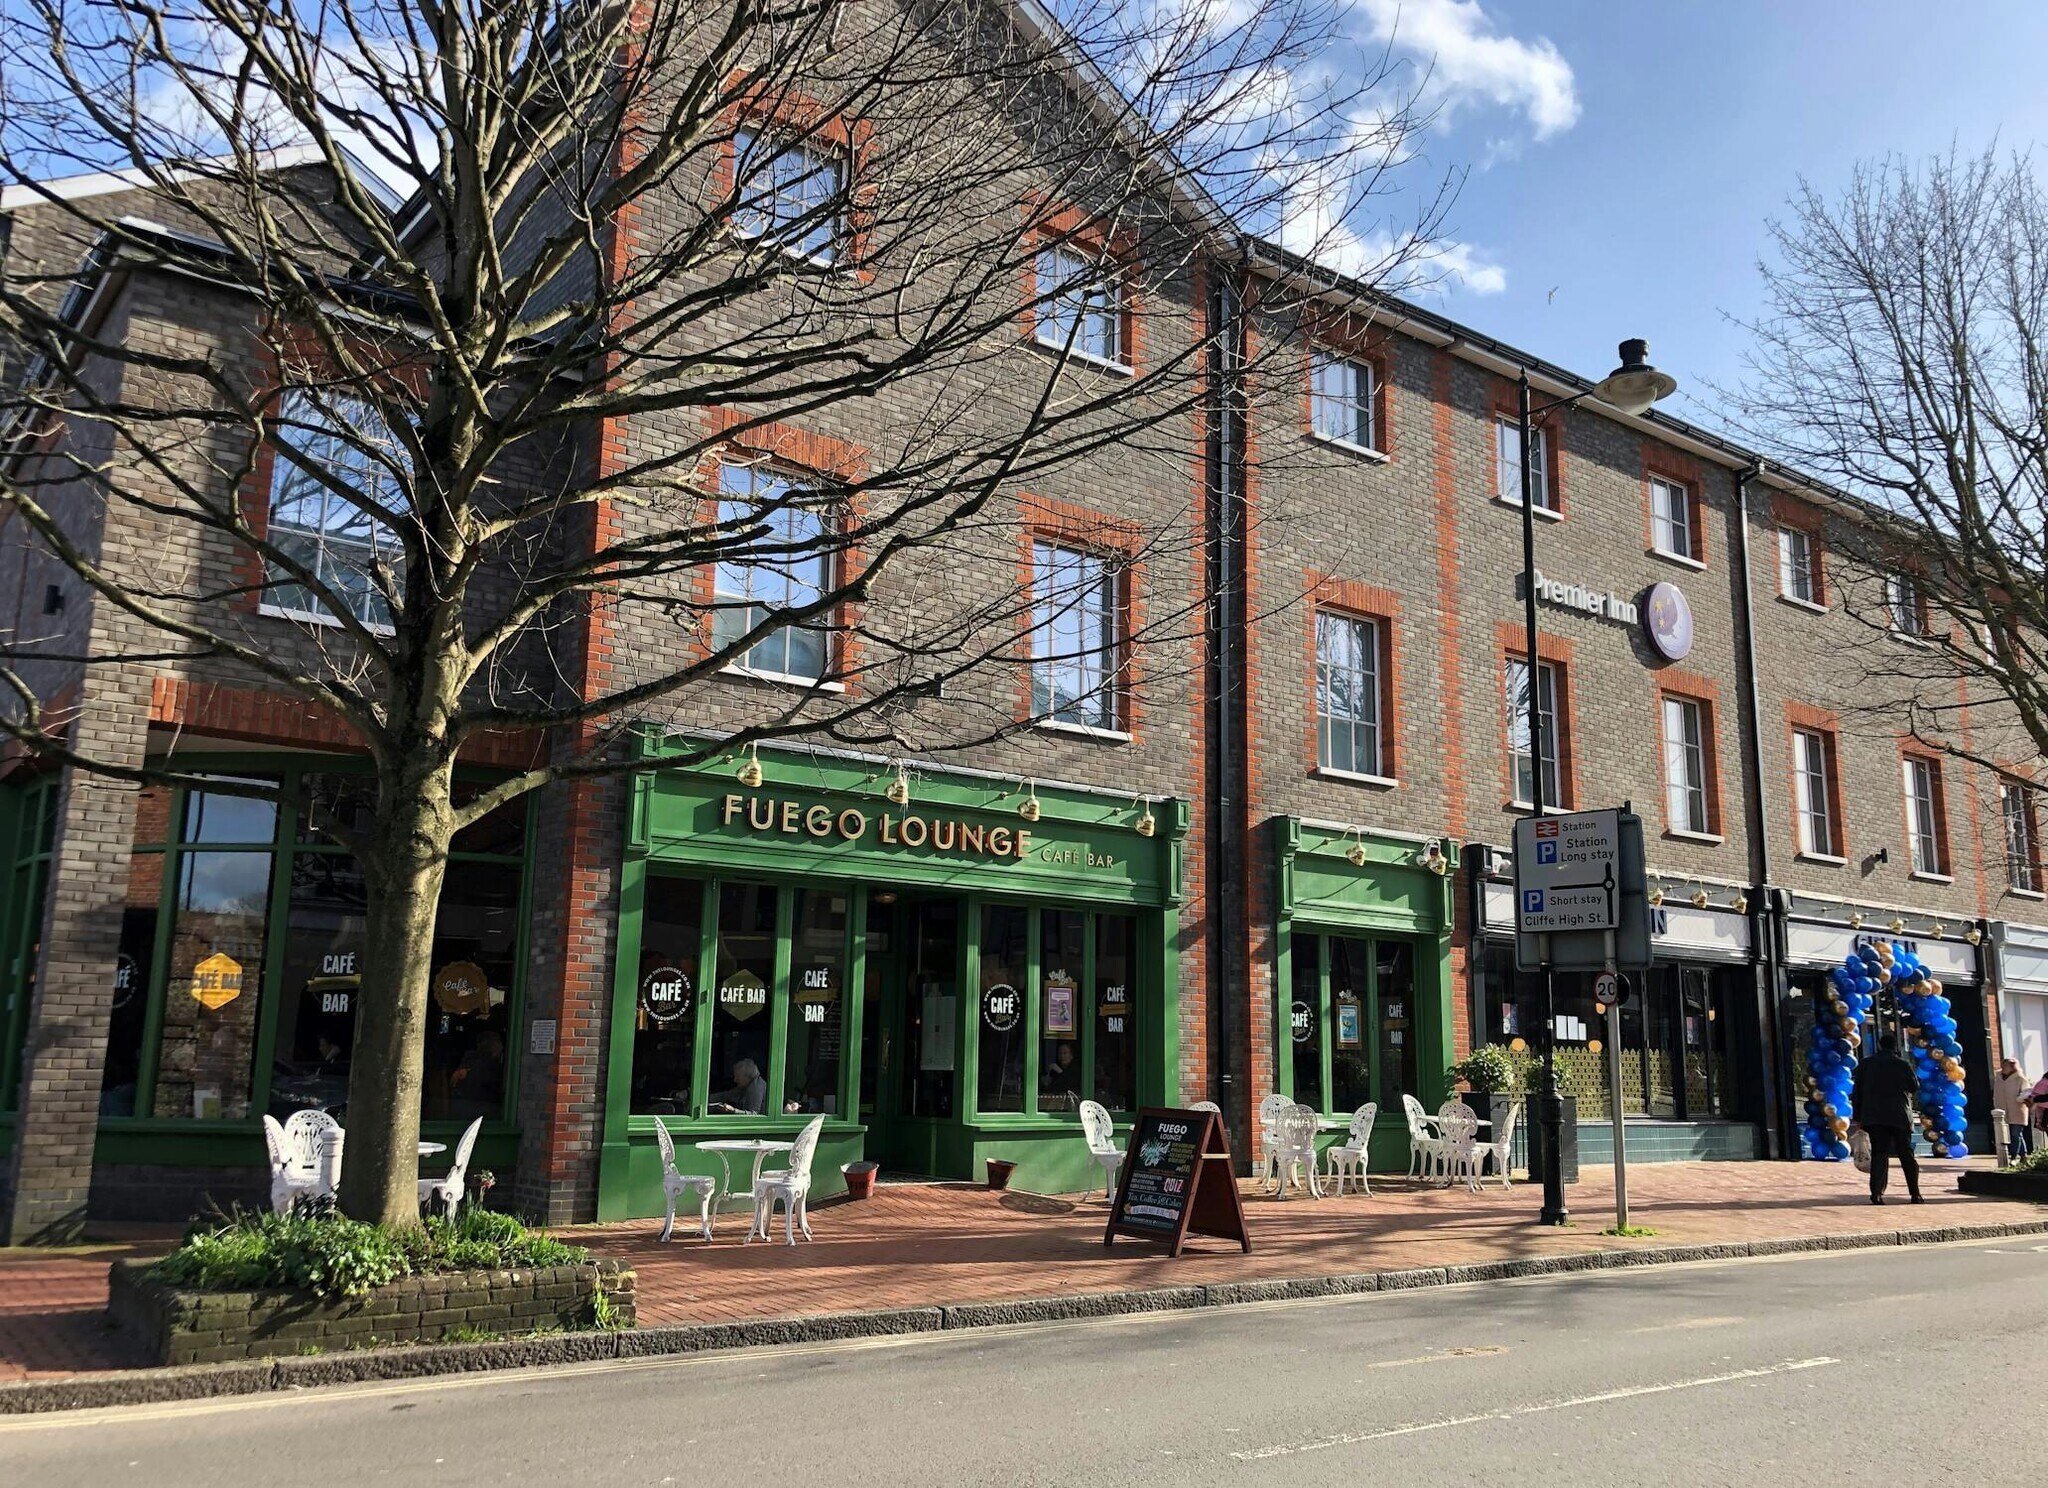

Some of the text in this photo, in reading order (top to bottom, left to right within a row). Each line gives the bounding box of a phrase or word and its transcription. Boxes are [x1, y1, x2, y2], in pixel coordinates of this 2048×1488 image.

[1533, 568, 1638, 625] Premier Inn
[724, 794, 1032, 858] FUEGO LOUNGE
[1562, 821, 1597, 832] Station
[1566, 836, 1608, 849] Station
[1041, 847, 1114, 869] CAFÉ BAR
[1561, 850, 1614, 863] Long stay
[1550, 894, 1602, 906] Short stay
[1524, 913, 1605, 927] Cliffe High St.
[323, 952, 355, 974] CAFÉ
[443, 977, 469, 991] Café
[804, 967, 829, 988] CAFÉ
[651, 978, 683, 1002] CAFÉ
[720, 984, 766, 1004] CAFÉ BAR
[1106, 985, 1126, 1003] CAFÉ
[1597, 982, 1615, 996] 20
[322, 994, 349, 1013] BAR
[990, 994, 1014, 1014] CAFÉ
[1388, 1003, 1404, 1019] CAFÉ
[804, 1004, 825, 1022] BAR
[1291, 1009, 1309, 1028] CAFÉ
[1107, 1017, 1124, 1033] BAR
[1390, 1031, 1403, 1045] BAR
[1158, 1123, 1188, 1135] FUEGO
[1159, 1133, 1183, 1142] LOUNGE
[1163, 1177, 1184, 1193] QUIZ

WORK TO BE COMPLETED:
Would you output the listing above verbatim, without its pictures?

SOLUTION BELOW:
Some of the text in this photo, in reading order (top to bottom, left to right within a row). Each line gives the bounding box of a phrase or word and its transcription. Boxes are [x1, y1, x2, y2], in pixel coordinates of this 2048×1488 image.

[1533, 568, 1638, 625] Premier Inn
[724, 794, 1032, 858] FUEGO LOUNGE
[1562, 821, 1597, 832] Station
[1566, 836, 1608, 849] Station
[1041, 847, 1114, 869] CAFÉ BAR
[1561, 850, 1614, 863] Long stay
[1550, 894, 1602, 906] Short stay
[1524, 913, 1605, 927] Cliffe High St.
[323, 952, 355, 974] CAFÉ
[443, 977, 469, 991] Café
[804, 967, 829, 988] CAFÉ
[651, 978, 683, 1002] CAFÉ
[720, 984, 766, 1004] CAFÉ BAR
[1106, 985, 1126, 1003] CAFÉ
[1597, 982, 1615, 996] 20
[322, 994, 349, 1013] BAR
[990, 994, 1014, 1014] CAFÉ
[1388, 1003, 1404, 1019] CAFÉ
[804, 1004, 825, 1022] BAR
[1291, 1009, 1309, 1028] CAFÉ
[1107, 1017, 1124, 1033] BAR
[1390, 1031, 1403, 1045] BAR
[1158, 1123, 1188, 1135] FUEGO
[1159, 1133, 1183, 1142] LOUNGE
[1163, 1177, 1184, 1193] QUIZ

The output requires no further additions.